Nel corso dell’ultimo anno, e in particolare all’ADSA 2024, ci sono stati diversi aggiornamenti riguardanti l’efficacia della fibra, il suo effetto ruminativo e la correlazione con l’NDF, specialmente quella effettiva (peNDF) e la fibra indigeribile (uNDF) che condizionano essenzialmente l’una la voluminosità della razione e il tempo di masticazione della fibra stessa e l’altra il riempimento e lo stiramento dei diametri ruminali.
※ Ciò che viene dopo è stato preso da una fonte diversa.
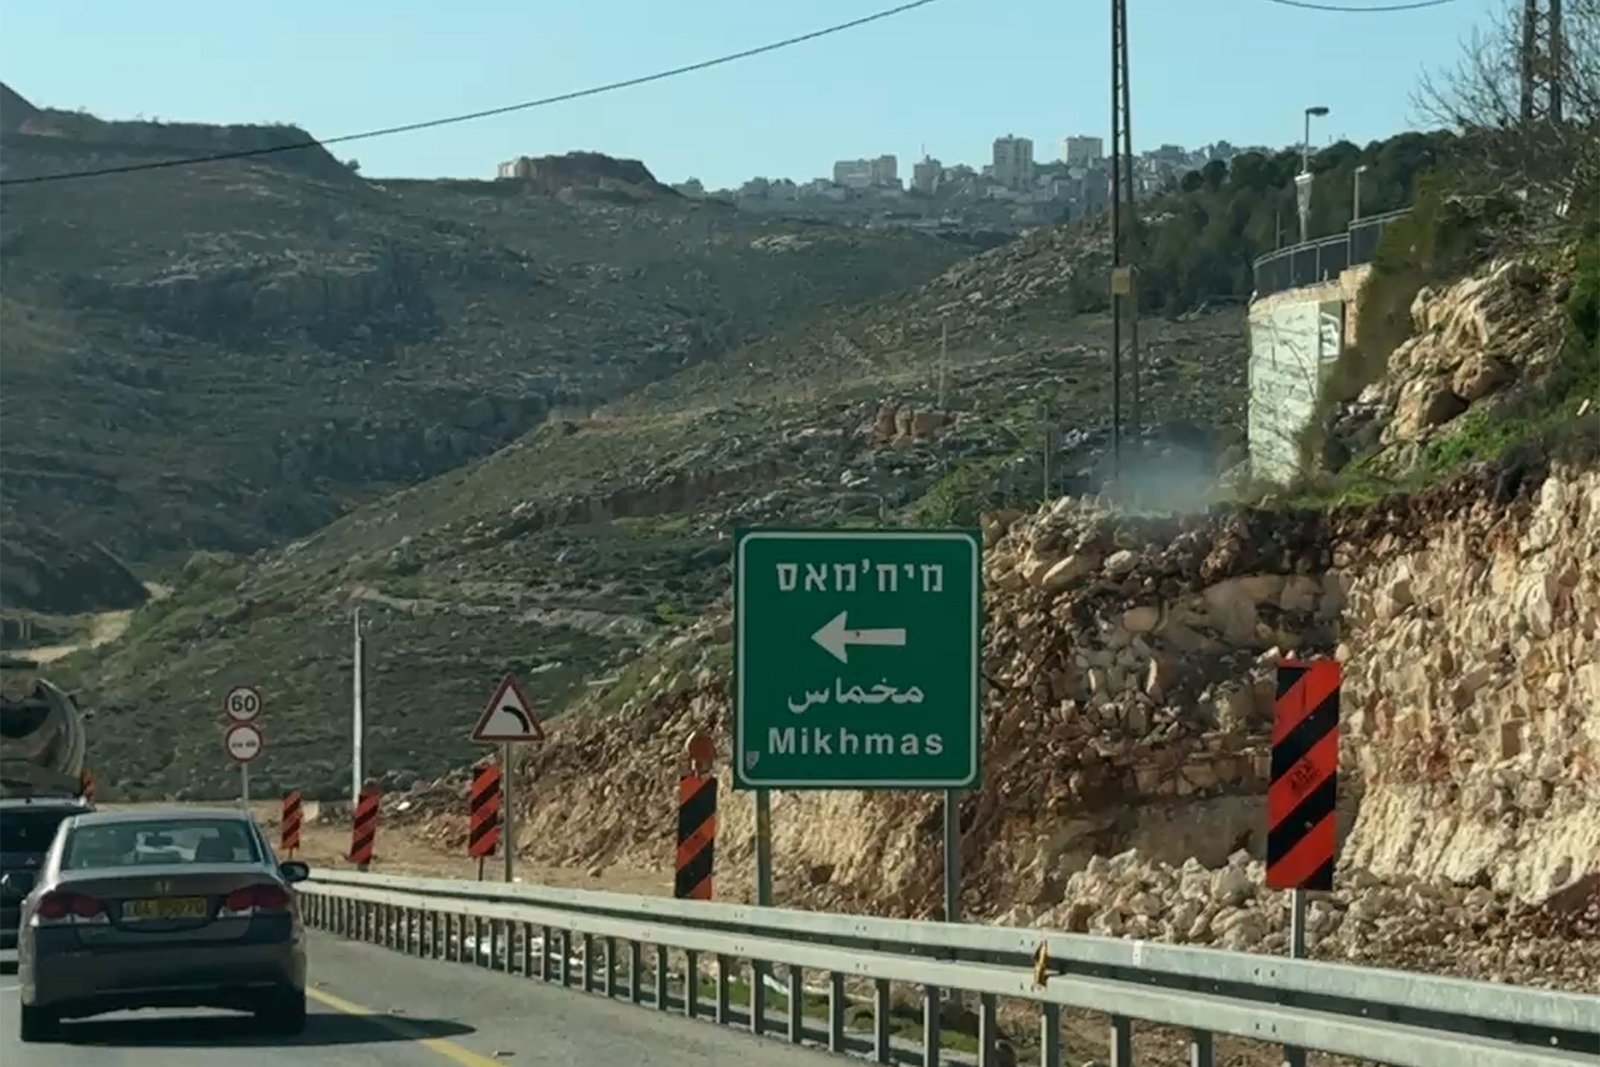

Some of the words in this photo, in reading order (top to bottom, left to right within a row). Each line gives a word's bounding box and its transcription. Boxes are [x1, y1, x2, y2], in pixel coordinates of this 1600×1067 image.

Per fibra fisicamente effettiva, secondo la definizione di Sniffen del 1997, si intende la quota di fibra di dimensione superiore al forame del reticolo ruminale, quindi >1,18mm.

A partire da questa definizione, per valutarne l’efficacia, vennero approntati alcuni strumenti come il setaccio della Penn State che nell’ultima versione differenzia le particelle della miscelata superiori a 1,9 cm il primo, 0,8 cm il secondo e 0,4 cm il terzo; sul quarto si depositano le particelle inferiori.

Questo definisce tutta la percentuale della razione che si trova al di sopra dei primi 3 setacci separatori come fattore di fibra efficace (Pef) che, moltiplicato per l’NDF, determina il quantitativo di peNDF della razione stessa.

Diversa invece è la definizione di uNDF, che rappresenta la quota di fibra che non viene utilizzata nelle 240 ore successive all’ingestione.

L’NDF, i cui pool veloci e lenti vengono utilizzati dai batteri ruminali, man mano che viene fermentata dai batteri cellulosolitici, diventa più pesante (in quanto aumenta la frazione lignificata) e tende a depositarsi sul fondo del rumine permettendo ai diametri ruminali di rimanere sempre tesi e quindi di non perdere volume e capacità efficace; nonostante, quindi, la sua indigeribilità svolge un importante effetto fisico/meccanico.

Nella valutazione di una razione questi 2 parametri interagiscono dando vita alla peuNDF, che altro non è che la percentuale di uNDF moltiplicata per il fattore Pef.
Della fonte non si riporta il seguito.